In situations of extreme or exceptional drought, the new law allows the department to require a local water system to implement the next level of water conservation measures required under the local plan if measures already in effect are not reducing water use.
“The purpose is to have measures in place that will protect the water supply in times of serious drought,” said Tom Reeder, director of the N.C. Division of Water Resources. “If each water system takes steps to conserve, we can reduce the risk of a water shortage emergency.”
Salisbury is within an area considered to be in extreme drought, according to the U.S. Drought Monitor.
Salisbury has a Water Emergency Management Plan with various action levels, based on the Yadkin River’s level above the city’s water intakes.
Level 1 voluntary restrictions were put in place Oct. 16, 2007, in response to Gov. Mike Easley’s call for statewide drought assistance and to possibly help neighboring communities with water supply if needed.
As of Wednesday, the river was still 27 inches above where Level 1 voluntary conservation measures are supposed to take place.
As water levels decrease, the action levels ó there are four total ó move to mandatory restrictions of varying degrees. The progressive levels of response are outlined by city ordinance, and Jones sent that document to the state Thursday.

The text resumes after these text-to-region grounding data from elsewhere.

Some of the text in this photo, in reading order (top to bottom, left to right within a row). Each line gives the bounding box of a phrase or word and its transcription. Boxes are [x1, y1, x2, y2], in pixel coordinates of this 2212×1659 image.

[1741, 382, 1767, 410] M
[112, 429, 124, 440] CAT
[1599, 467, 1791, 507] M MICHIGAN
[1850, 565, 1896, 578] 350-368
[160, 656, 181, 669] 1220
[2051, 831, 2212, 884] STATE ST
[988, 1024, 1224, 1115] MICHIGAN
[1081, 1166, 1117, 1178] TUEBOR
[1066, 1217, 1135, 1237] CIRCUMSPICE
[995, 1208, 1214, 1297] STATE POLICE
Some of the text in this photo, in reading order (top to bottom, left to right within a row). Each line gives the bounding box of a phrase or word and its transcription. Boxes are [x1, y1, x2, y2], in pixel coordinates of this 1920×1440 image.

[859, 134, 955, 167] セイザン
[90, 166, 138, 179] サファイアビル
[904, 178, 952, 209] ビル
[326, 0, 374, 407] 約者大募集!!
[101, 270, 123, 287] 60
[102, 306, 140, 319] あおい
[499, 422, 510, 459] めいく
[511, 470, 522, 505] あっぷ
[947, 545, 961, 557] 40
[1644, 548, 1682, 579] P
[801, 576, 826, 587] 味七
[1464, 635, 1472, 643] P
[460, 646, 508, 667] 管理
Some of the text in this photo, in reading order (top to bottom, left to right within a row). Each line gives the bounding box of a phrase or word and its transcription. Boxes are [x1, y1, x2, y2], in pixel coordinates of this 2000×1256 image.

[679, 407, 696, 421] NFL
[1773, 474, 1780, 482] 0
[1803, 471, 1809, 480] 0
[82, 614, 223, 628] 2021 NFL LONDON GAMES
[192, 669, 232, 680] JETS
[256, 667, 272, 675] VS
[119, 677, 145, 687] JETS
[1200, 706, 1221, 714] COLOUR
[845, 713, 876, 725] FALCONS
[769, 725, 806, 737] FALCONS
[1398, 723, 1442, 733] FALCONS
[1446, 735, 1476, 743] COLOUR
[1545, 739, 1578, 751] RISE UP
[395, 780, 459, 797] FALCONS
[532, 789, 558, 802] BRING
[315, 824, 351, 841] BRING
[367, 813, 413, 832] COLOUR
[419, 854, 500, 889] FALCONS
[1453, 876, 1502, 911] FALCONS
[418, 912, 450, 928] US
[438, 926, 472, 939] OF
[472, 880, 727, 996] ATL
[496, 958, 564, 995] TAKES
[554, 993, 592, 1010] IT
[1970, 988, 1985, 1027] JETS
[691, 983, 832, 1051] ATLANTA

To notify citizens of water restrictions, the city uses the newspaper, Time Warner Cable’s Access 16, its Web site and radio stations. Jones also sends periodic updates of the city’s water supply situation to community and industrial leaders and the Mooresville office of the N.C. Department of Environment and Natural Resources.
Jones said Salisbury’s water source is approximately 4,000 square miles of the Yadkin River basin upstream of the intakes. The utility has developed an algorithm to calculate the flow of the Yadkin River at the intakes based on readings at four upstream U.S. Geological Survey gauges: Yadkin College, South Yadkin, Hunting Creek and Second Creek.
“Based on these gauges,” Jones said in his response to the state, “our maximum day gross withdrawal is approximately 3 percent of the current stream flow while our net consumption is less than 1 percent of the current stream flow.”
Salisbury-Rowan Utilities supplies water to East Spencer.
Other area water systems that received notification letters and whose plans had not been received included Davie County, Denton, Mocksville, Norwood and Pfeiffer-North Stanly Water Association.
The Division of Water Resources acknowledged the list was subject to change because it continues to receive water shortage response plans from some systems.